**ABOUT THIS EXERCISE:** Each entry should be restated word for word, with all pictures left out.

**RECORDS SHOWN:**
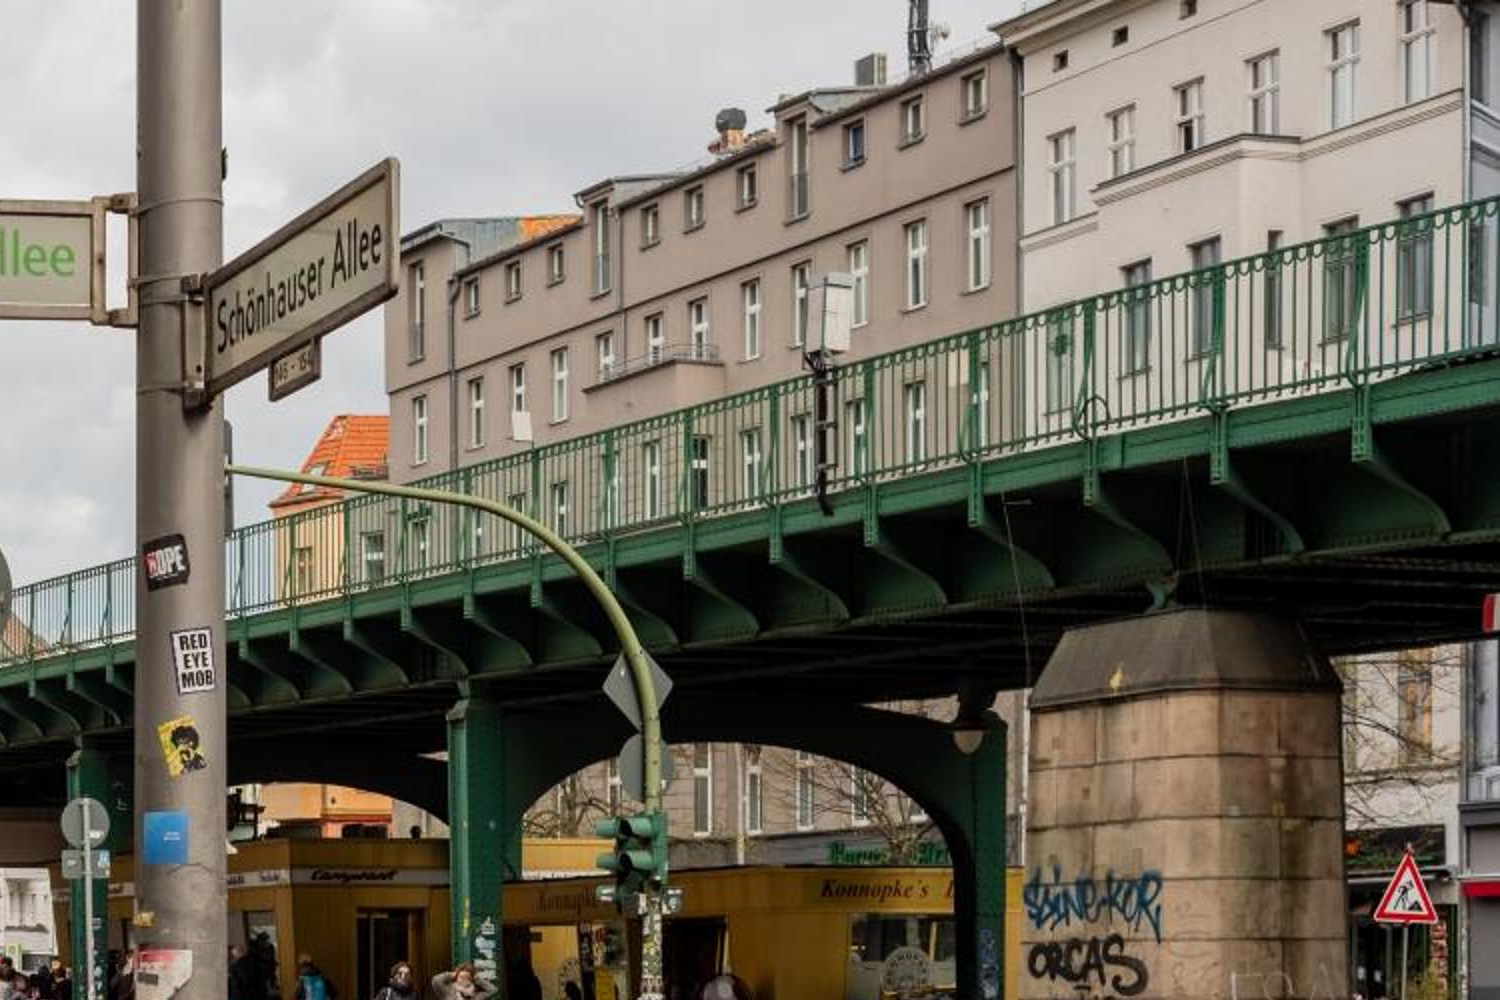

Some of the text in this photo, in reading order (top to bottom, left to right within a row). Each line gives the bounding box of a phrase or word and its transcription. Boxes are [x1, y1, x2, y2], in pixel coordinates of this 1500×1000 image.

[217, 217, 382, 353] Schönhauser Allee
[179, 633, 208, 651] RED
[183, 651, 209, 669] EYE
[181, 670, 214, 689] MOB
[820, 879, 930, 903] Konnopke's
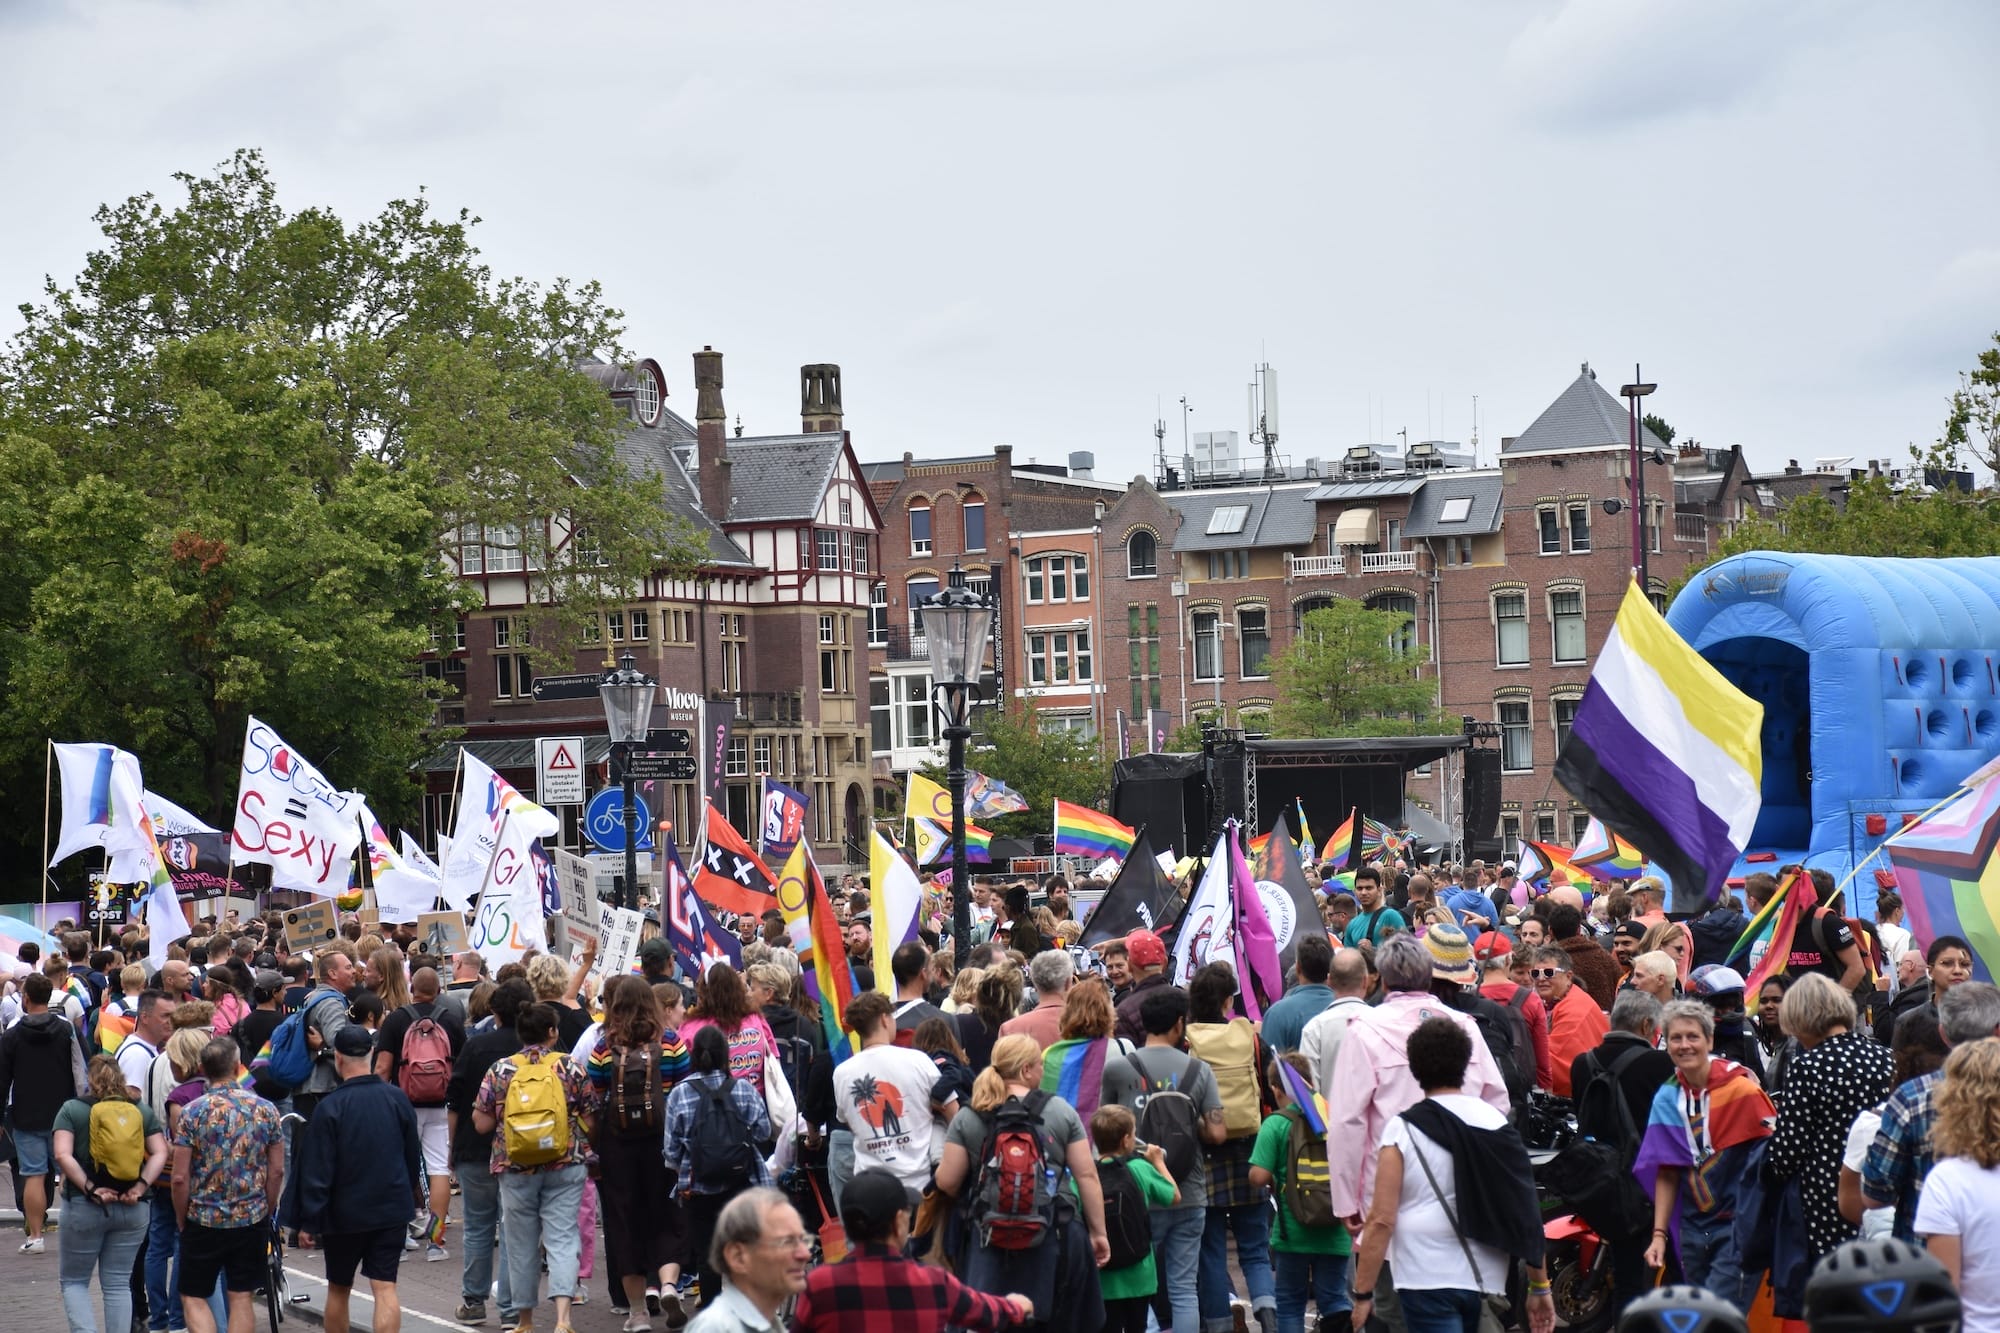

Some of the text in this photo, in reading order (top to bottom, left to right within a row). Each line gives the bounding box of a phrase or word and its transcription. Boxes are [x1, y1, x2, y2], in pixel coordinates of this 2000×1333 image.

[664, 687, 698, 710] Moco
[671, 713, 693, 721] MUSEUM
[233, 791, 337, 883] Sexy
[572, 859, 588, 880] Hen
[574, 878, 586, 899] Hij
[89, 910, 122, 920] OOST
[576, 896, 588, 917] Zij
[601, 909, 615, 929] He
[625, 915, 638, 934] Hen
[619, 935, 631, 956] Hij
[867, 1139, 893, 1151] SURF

**OUTPUT OF THE EXERCISE:**
Some of the text in this photo, in reading order (top to bottom, left to right within a row). Each line gives the bounding box of a phrase or word and its transcription. Boxes are [x1, y1, x2, y2], in pixel coordinates of this 1500×1000 image.

[217, 217, 382, 353] Schönhauser Allee
[179, 633, 208, 651] RED
[183, 651, 209, 669] EYE
[181, 670, 214, 689] MOB
[820, 879, 930, 903] Konnopke's

Some of the text in this photo, in reading order (top to bottom, left to right within a row). Each line gives the bounding box of a phrase or word and its transcription. Boxes are [x1, y1, x2, y2], in pixel coordinates of this 2000×1333 image.

[664, 687, 698, 710] Moco
[671, 713, 693, 721] MUSEUM
[233, 791, 337, 883] Sexy
[572, 859, 588, 880] Hen
[574, 878, 586, 899] Hij
[89, 910, 122, 920] OOST
[576, 896, 588, 917] Zij
[601, 909, 615, 929] He
[625, 915, 638, 934] Hen
[619, 935, 631, 956] Hij
[867, 1139, 893, 1151] SURF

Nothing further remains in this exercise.